Records to process:
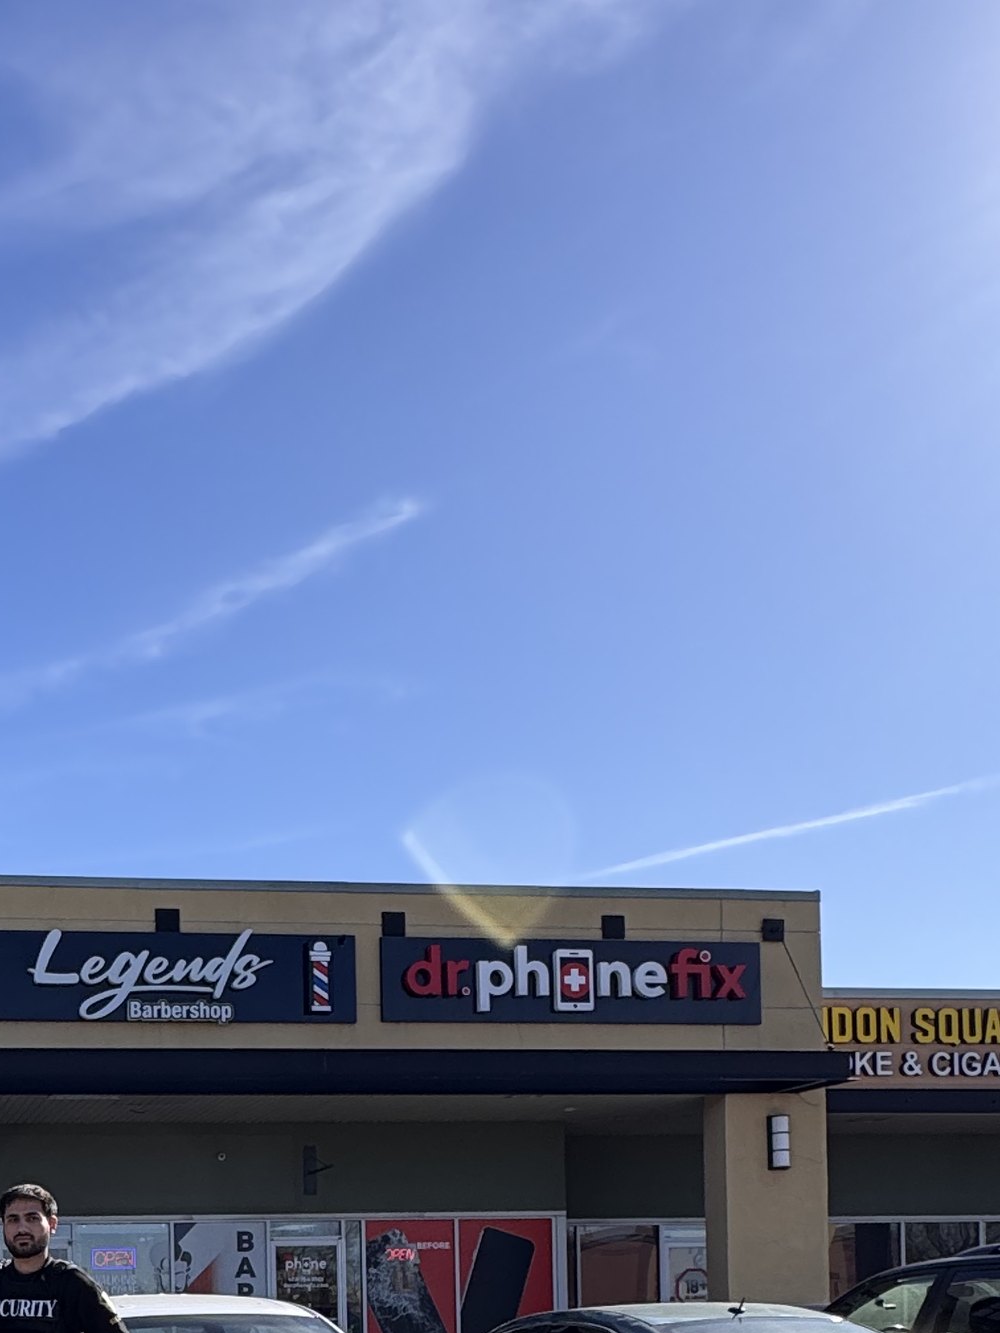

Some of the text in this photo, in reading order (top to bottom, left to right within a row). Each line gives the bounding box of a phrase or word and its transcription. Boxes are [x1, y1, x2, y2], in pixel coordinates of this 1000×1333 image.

[27, 928, 273, 1020] Legends
[127, 999, 233, 1024] Barbershop
[849, 1051, 893, 1076] KE
[902, 1051, 922, 1076] &
[386, 1248, 415, 1262] OPEN
[417, 1242, 451, 1250] BEFORE
[94, 1251, 133, 1267] OPEN

Try it: Please write out every record above exactly, but leave the pictures out.

Solved exercise:
Some of the text in this photo, in reading order (top to bottom, left to right within a row). Each line gives the bounding box of a phrase or word and its transcription. Boxes are [x1, y1, x2, y2], in pixel coordinates of this 1000×1333 image.

[27, 928, 273, 1020] Legends
[127, 999, 233, 1024] Barbershop
[849, 1051, 893, 1076] KE
[902, 1051, 922, 1076] &
[386, 1248, 415, 1262] OPEN
[417, 1242, 451, 1250] BEFORE
[94, 1251, 133, 1267] OPEN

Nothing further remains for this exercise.